[Your goal]
Write out the records word for word, with no pictures.

===== Data records =====

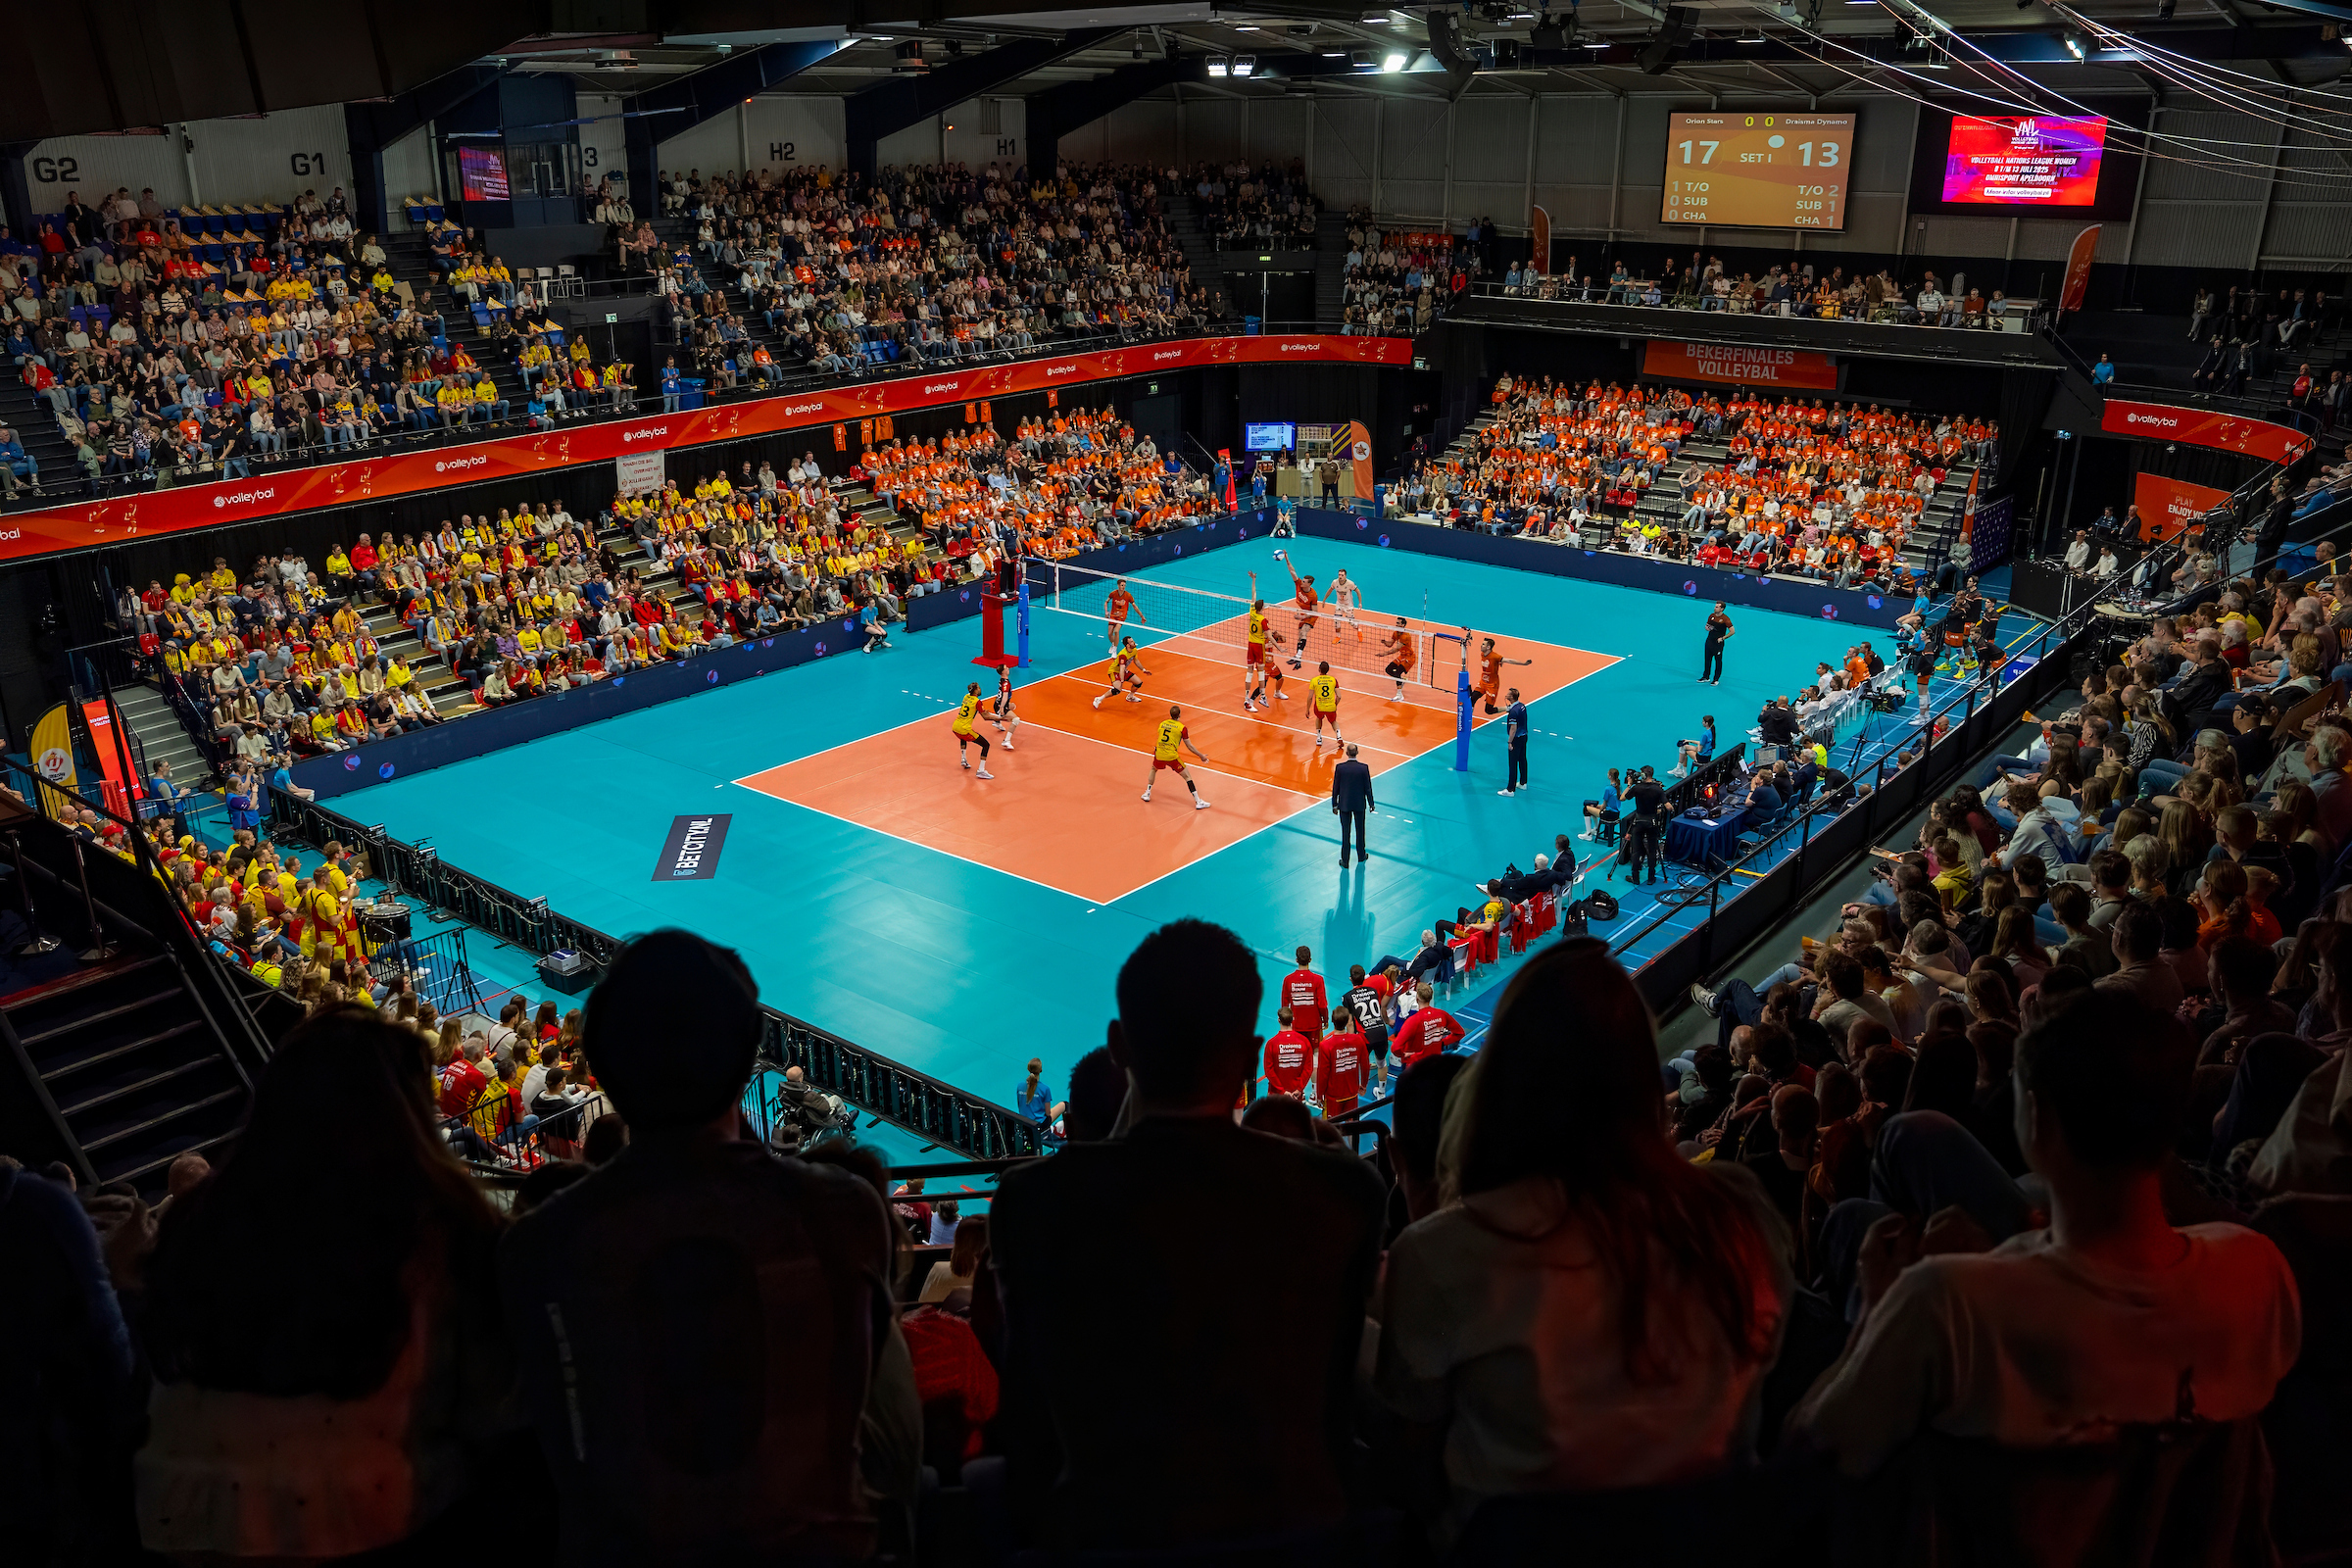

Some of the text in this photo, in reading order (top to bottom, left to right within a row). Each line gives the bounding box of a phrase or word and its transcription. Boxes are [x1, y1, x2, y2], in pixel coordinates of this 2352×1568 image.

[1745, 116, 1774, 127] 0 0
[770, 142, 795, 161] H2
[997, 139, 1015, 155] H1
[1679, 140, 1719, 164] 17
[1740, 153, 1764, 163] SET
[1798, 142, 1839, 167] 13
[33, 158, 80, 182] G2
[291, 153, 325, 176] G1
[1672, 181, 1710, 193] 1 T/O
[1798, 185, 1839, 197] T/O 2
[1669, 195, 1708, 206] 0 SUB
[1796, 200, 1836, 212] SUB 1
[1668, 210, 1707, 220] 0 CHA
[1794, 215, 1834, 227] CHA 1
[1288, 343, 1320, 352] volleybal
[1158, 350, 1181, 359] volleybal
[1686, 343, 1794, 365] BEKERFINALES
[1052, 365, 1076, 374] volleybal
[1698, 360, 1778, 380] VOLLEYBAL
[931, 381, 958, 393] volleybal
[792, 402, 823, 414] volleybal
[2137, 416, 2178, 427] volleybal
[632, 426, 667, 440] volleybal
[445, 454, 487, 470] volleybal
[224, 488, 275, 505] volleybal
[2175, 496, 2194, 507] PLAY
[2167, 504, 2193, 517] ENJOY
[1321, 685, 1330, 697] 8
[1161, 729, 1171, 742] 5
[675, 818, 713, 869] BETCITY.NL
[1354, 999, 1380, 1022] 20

=====

[Task solution]
Some of the text in this photo, in reading order (top to bottom, left to right within a row). Each line gives the bounding box of a phrase or word and its transcription. Boxes are [x1, y1, x2, y2], in pixel coordinates of this 2352×1568 image.

[1745, 116, 1774, 127] 0 0
[770, 142, 795, 161] H2
[997, 139, 1015, 155] H1
[1679, 140, 1719, 164] 17
[1740, 153, 1764, 163] SET
[1798, 142, 1839, 167] 13
[33, 158, 80, 182] G2
[291, 153, 325, 176] G1
[1672, 181, 1710, 193] 1 T/O
[1798, 185, 1839, 197] T/O 2
[1669, 195, 1708, 206] 0 SUB
[1796, 200, 1836, 212] SUB 1
[1668, 210, 1707, 220] 0 CHA
[1794, 215, 1834, 227] CHA 1
[1288, 343, 1320, 352] volleybal
[1158, 350, 1181, 359] volleybal
[1686, 343, 1794, 365] BEKERFINALES
[1052, 365, 1076, 374] volleybal
[1698, 360, 1778, 380] VOLLEYBAL
[931, 381, 958, 393] volleybal
[792, 402, 823, 414] volleybal
[2137, 416, 2178, 427] volleybal
[632, 426, 667, 440] volleybal
[445, 454, 487, 470] volleybal
[224, 488, 275, 505] volleybal
[2175, 496, 2194, 507] PLAY
[2167, 504, 2193, 517] ENJOY
[1321, 685, 1330, 697] 8
[1161, 729, 1171, 742] 5
[675, 818, 713, 869] BETCITY.NL
[1354, 999, 1380, 1022] 20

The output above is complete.